== DATA TO PROCESS
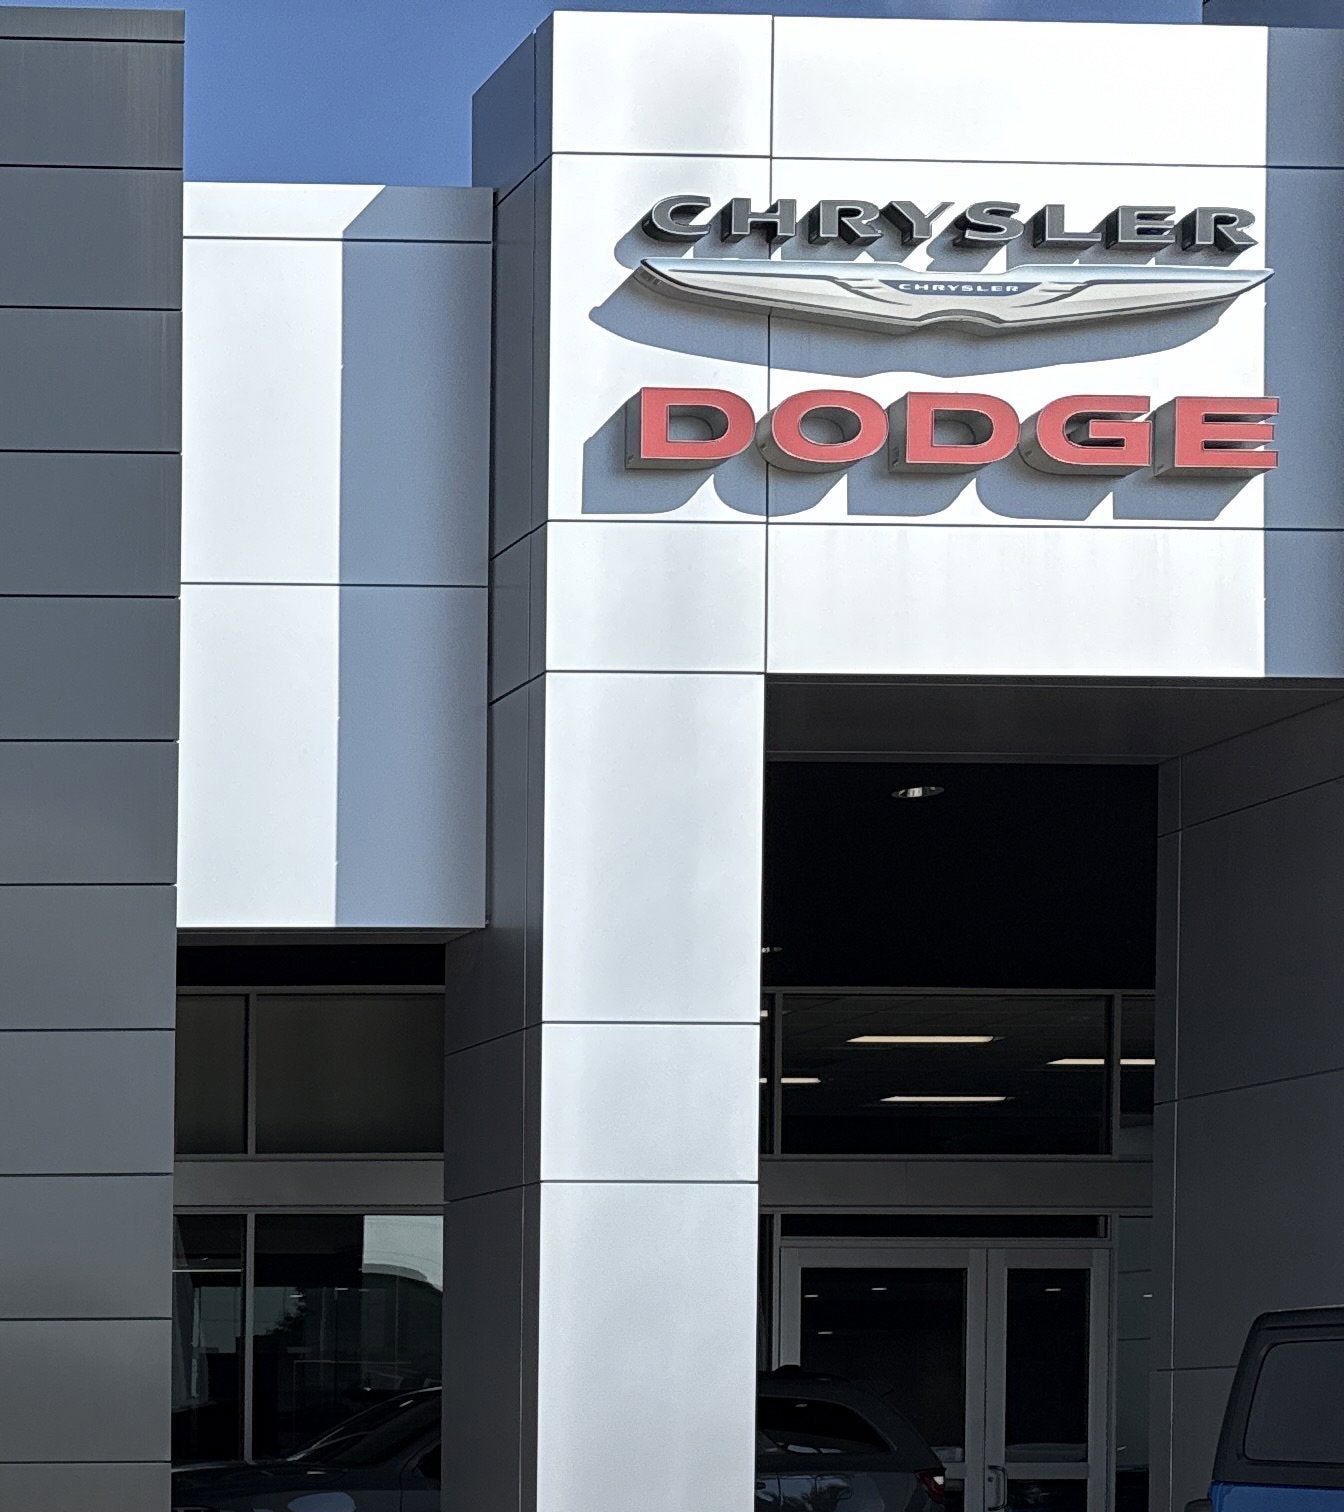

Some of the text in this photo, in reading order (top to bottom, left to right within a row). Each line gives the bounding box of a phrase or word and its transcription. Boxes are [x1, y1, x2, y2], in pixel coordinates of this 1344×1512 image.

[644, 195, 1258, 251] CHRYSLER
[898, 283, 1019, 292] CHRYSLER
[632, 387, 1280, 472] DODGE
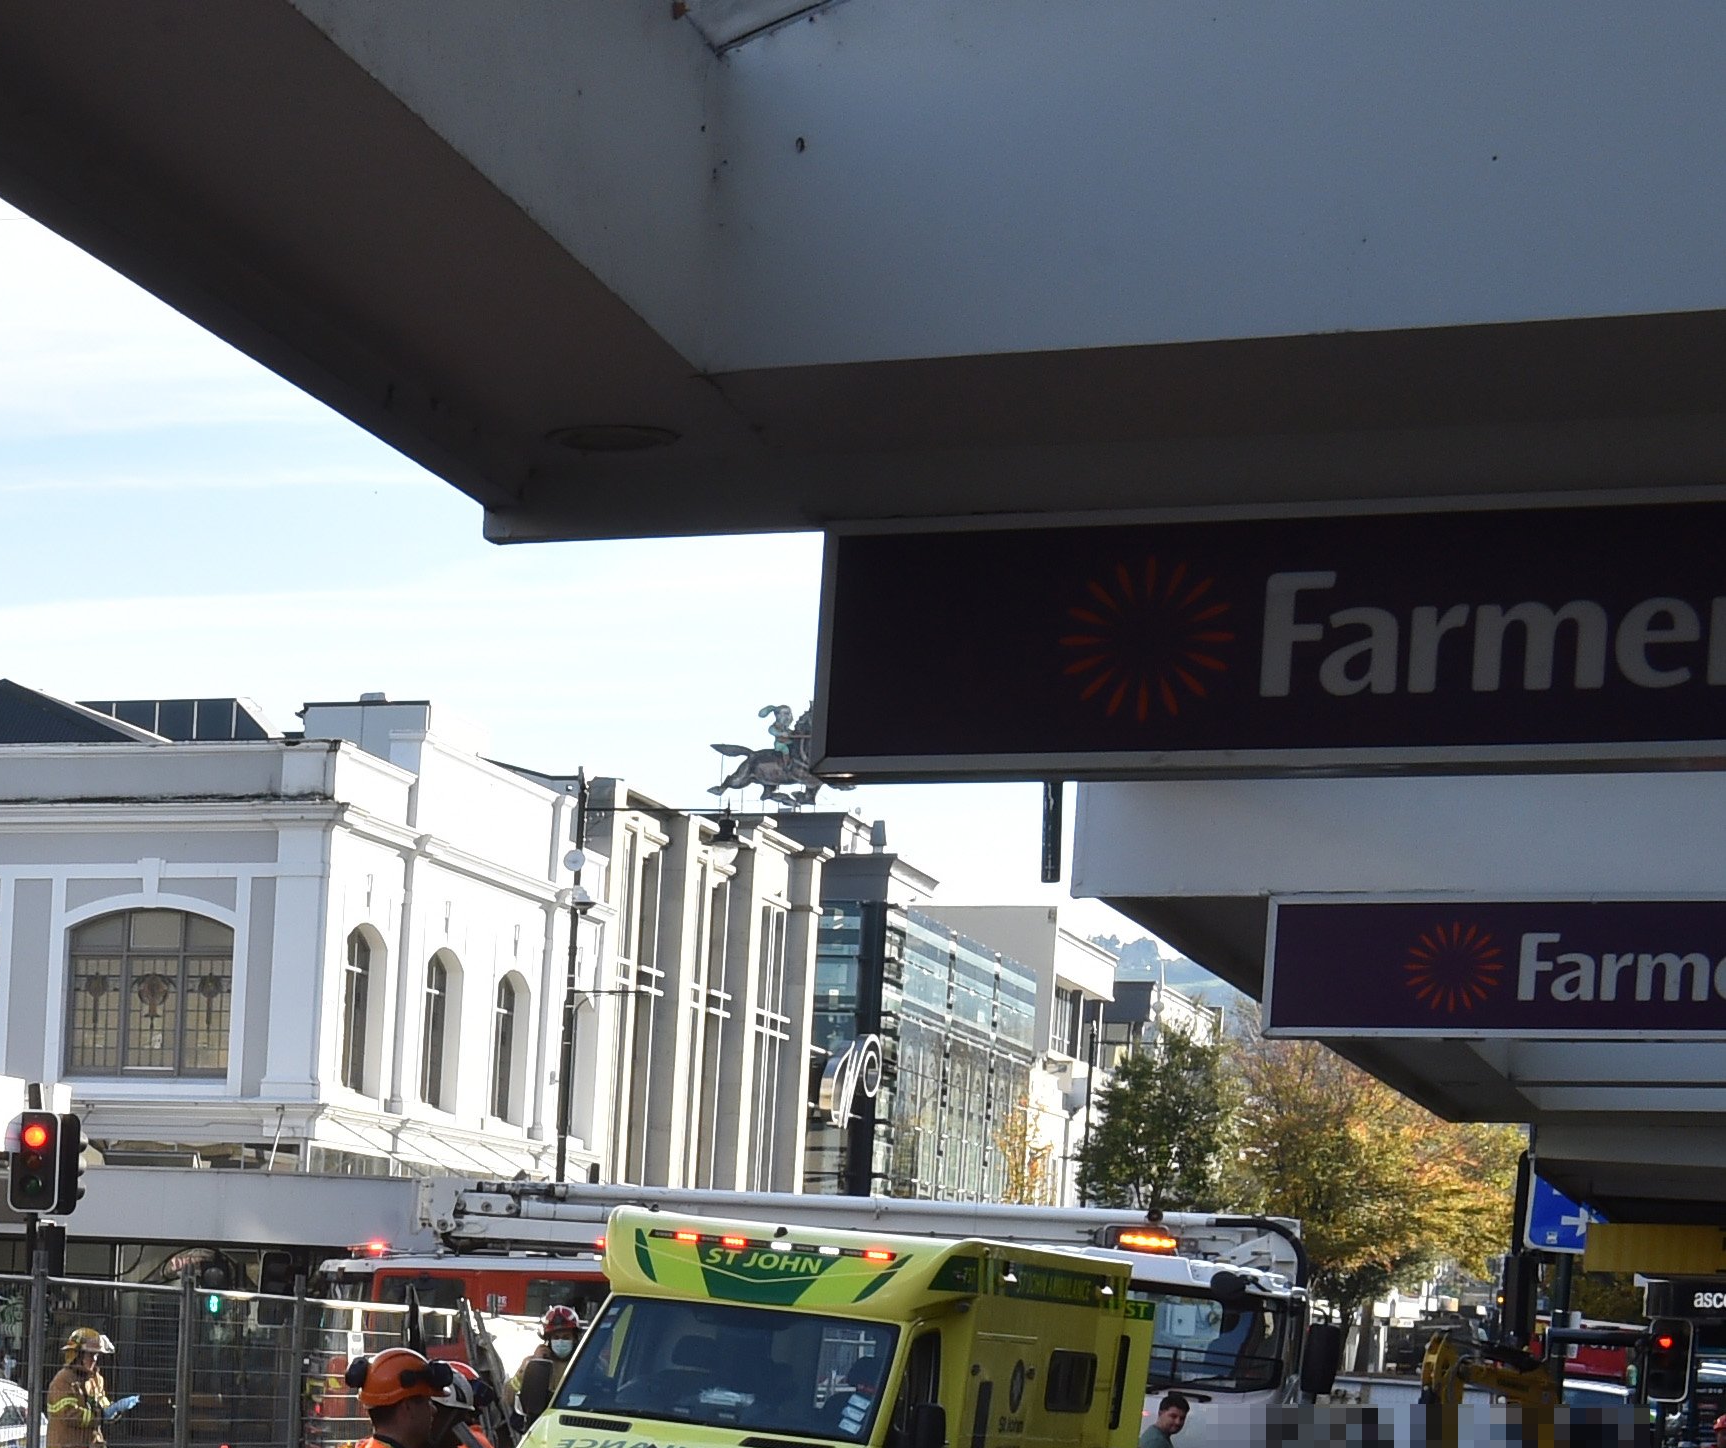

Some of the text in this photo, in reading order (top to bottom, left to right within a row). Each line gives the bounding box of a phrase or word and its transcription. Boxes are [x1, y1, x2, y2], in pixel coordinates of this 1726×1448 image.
====
> [WORK ITEM] In the copy, include every record exactly and no pictures.

> [FINISHED EXERCISE]
Some of the text in this photo, in reading order (top to bottom, left to right within a row). Each line gives the bounding box of a phrase or word and its transcription. Boxes are [x1, y1, x2, y2], in pixel coordinates of this 1344×1512 image.

[644, 195, 1258, 251] CHRYSLER
[898, 283, 1019, 292] CHRYSLER
[632, 387, 1280, 472] DODGE

Some of the text in this photo, in reading order (top to bottom, left to right within a row). Each line gives the bounding box of a phrase or word and its transcription. Boxes are [x1, y1, x2, y2], in pixel coordinates of this 1726×1448 image.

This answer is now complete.